The WebSocket API provides a unified send() method that accepts various data types, automatically framing them appropriately for transmission. The key distinction is between text frames and binary frames—WebSocket has separate opcodes for each. When you send a string, it's transmitted as a text frame with UTF-8 encoding. When you send binary data, it's transmitted as a binary frame. The receiving side can distinguish between them through the event.data type, allowing applications to handle different message formats appropriately.
String (text): Sent as UTF-8 encoded text frame. Ideal for human-readable messages, commands, and simple data .
ArrayBuffer: Sent as binary frame. Perfect for efficient transmission of typed data, images, audio, or any binary format .
Typed Arrays (Uint8Array, etc.): The underlying ArrayBuffer is sent; the view type isn't preserved .
Blob (browser): Sent as binary frame. Useful for file data without reading into memory first .
Buffer (Node.js): In Node.js, Buffer objects are accepted and sent as binary data .
DataView: The underlying ArrayBuffer is sent .
On the receiving side, the binary type must be configured to properly handle incoming binary data. The socket.binaryType property determines whether binary messages are delivered as Blob (default in browsers) or ArrayBuffer. This choice affects memory usage and how you process the data—Blobs are better for large files, while ArrayBuffers provide direct memory access for parsing.
Message framing: Since WebSocket preserves message boundaries, you don't need delimiters like newlines for separate messages .
Binary vs text: Use text for human-readable, debuggable protocols. Use binary for efficiency and when sending non-text data .
Message types: Design your protocol to distinguish message types.
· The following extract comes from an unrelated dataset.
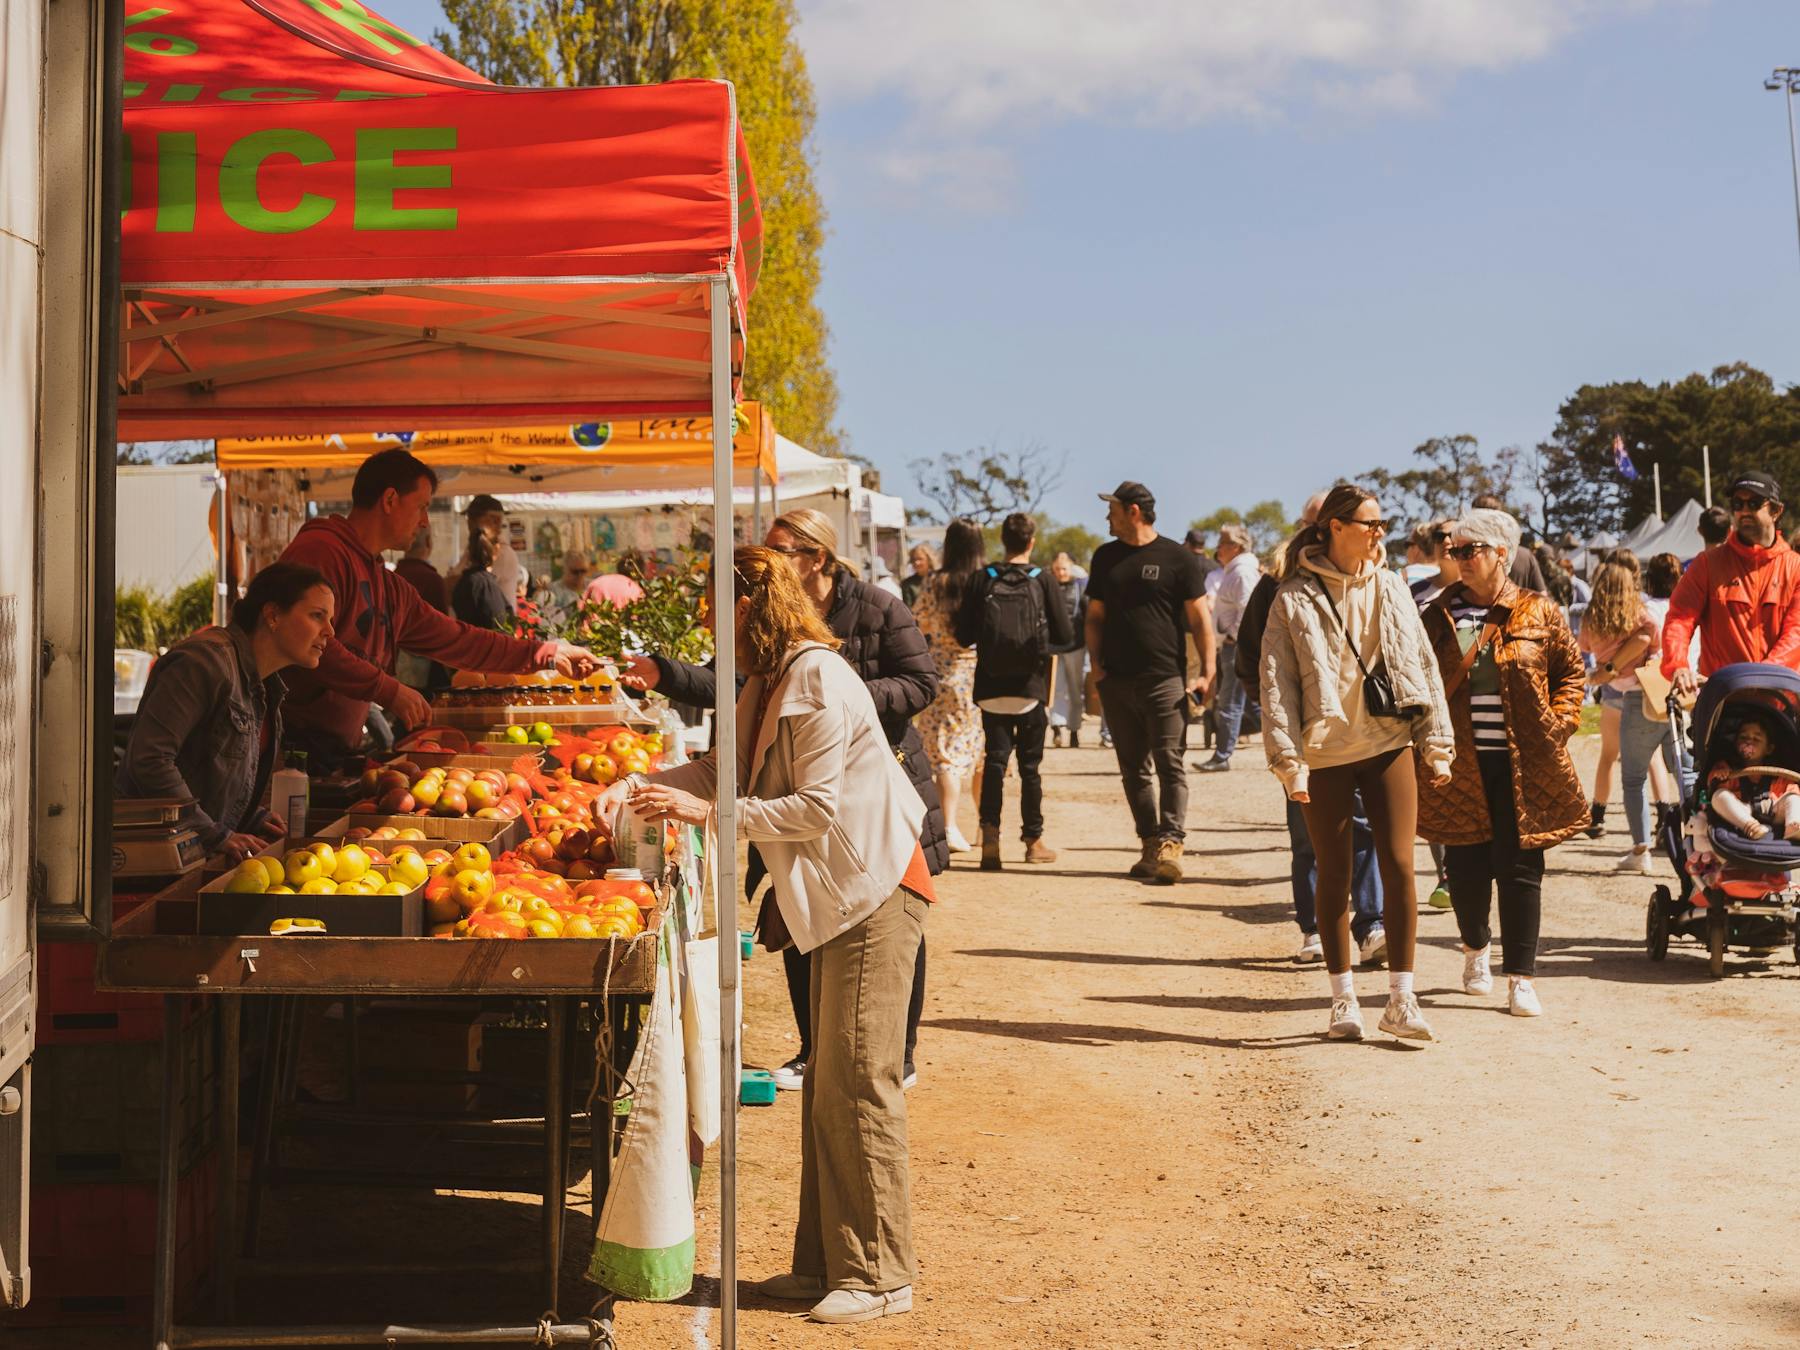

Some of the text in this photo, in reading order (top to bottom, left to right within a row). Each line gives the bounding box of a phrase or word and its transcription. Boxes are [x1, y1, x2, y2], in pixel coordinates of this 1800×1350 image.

[121, 127, 458, 234] ICE
[422, 431, 568, 447] Sold around the World
Common approaches include first-byte type identifiers or JSON with a 'type' field .
Length prefixing: For binary protocols, consider prefixing each message with a length field to help parsing .
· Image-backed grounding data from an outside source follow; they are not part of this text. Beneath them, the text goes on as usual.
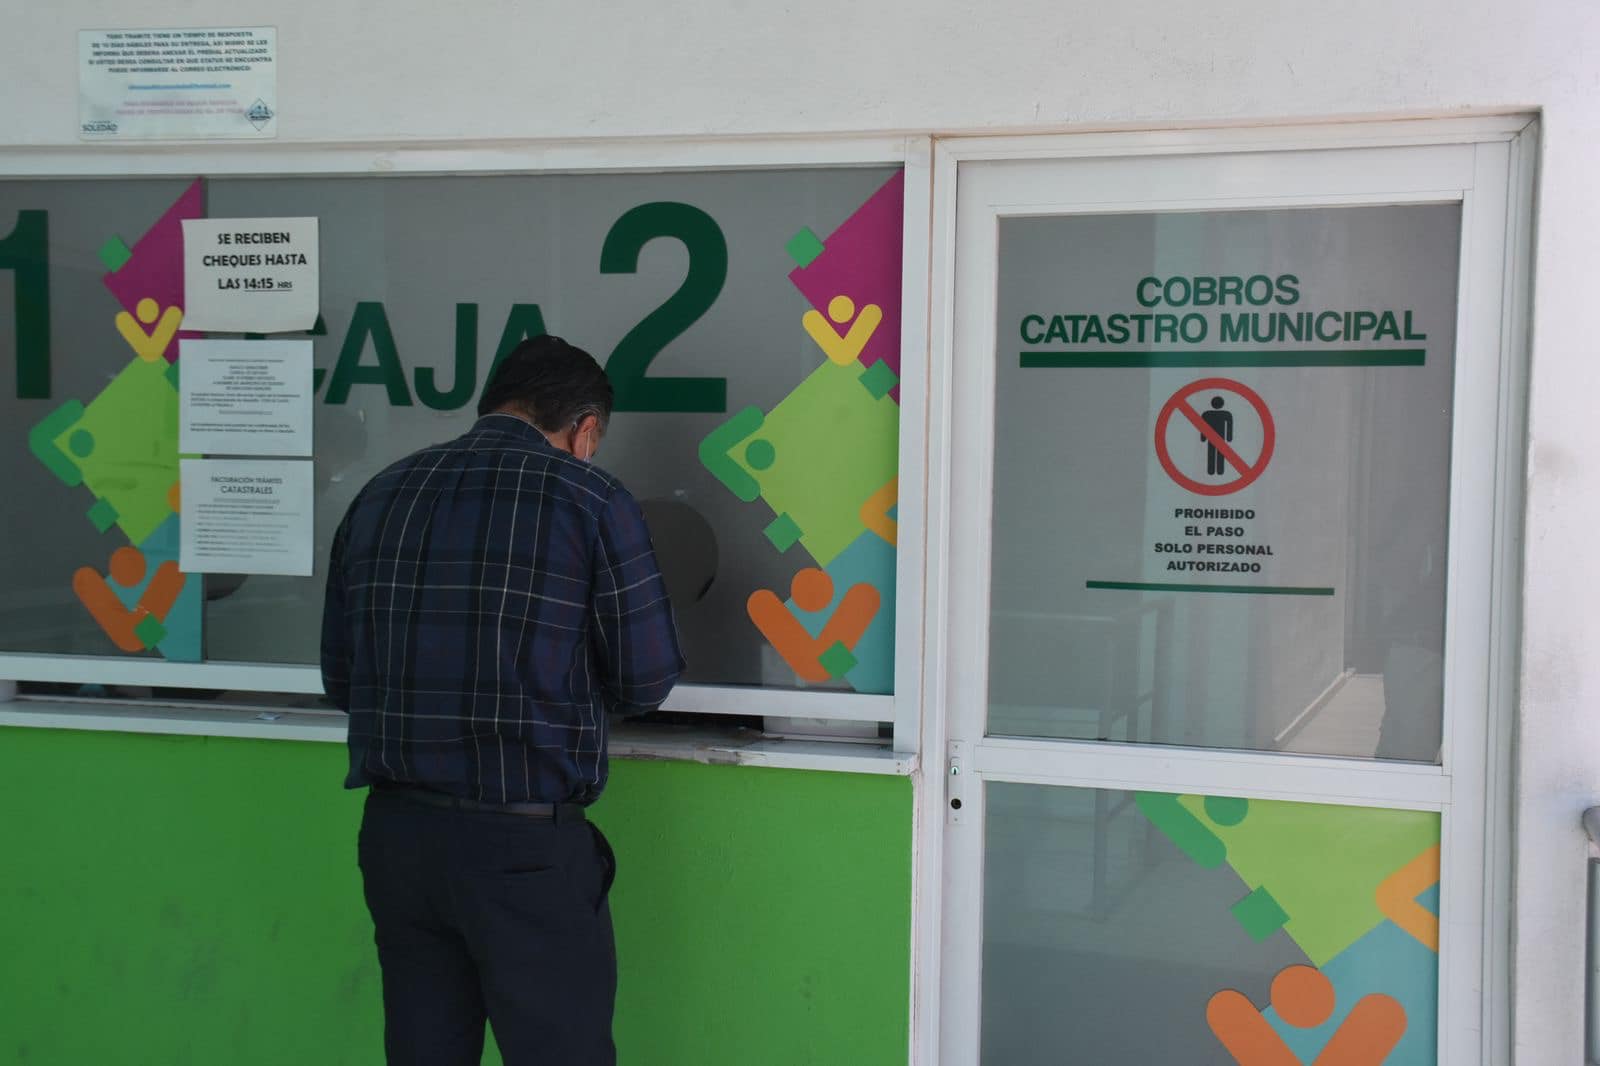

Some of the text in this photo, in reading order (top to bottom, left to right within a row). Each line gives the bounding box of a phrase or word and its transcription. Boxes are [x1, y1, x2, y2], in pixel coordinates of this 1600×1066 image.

[217, 232, 290, 245] SE RECIBEN
[203, 253, 307, 268] CHEQUES HASTA
[218, 278, 293, 290] LAS 14:15 HRS
[1136, 274, 1300, 307] COBROS
[0, 209, 51, 399] 1
[245, 201, 728, 413] AJ 2
[1020, 310, 1427, 344] CATASTRO MUNICIPAL
[220, 485, 273, 495] CATASTRALES
[1175, 508, 1255, 519] PROHIBIDO
[1185, 526, 1244, 537] EL PASO
[1154, 543, 1273, 555] SOLO PERSONAL
[1167, 561, 1261, 573] AUTORIZADO
Compression: Enable permessage-deflate extension for text-heavy protocols to reduce bandwidth .
In Node.js environments, the WebSocket API is similar but with Node-specific types. Libraries like 'ws' provide a WebSocket implementation that accepts Node.js Buffer objects and supports streaming. The key difference is that Node.js doesn't have Blob, but Buffer serves a similar purpose. For large data, Node.js WebSocket implementations often support backpressure handling through the socket.bufferedAmount property and drain events.
Choosing the right data format depends on your application needs. JSON over text is simple and debuggable but adds overhead. Binary protocols are more efficient but harder to debug. Many applications use a hybrid approach: JSON for control messages and binary for bulk data. The WebSocket API's flexibility in handling both text and binary makes it suitable for this mixed-mode communication, allowing you to optimize each part of your protocol independently.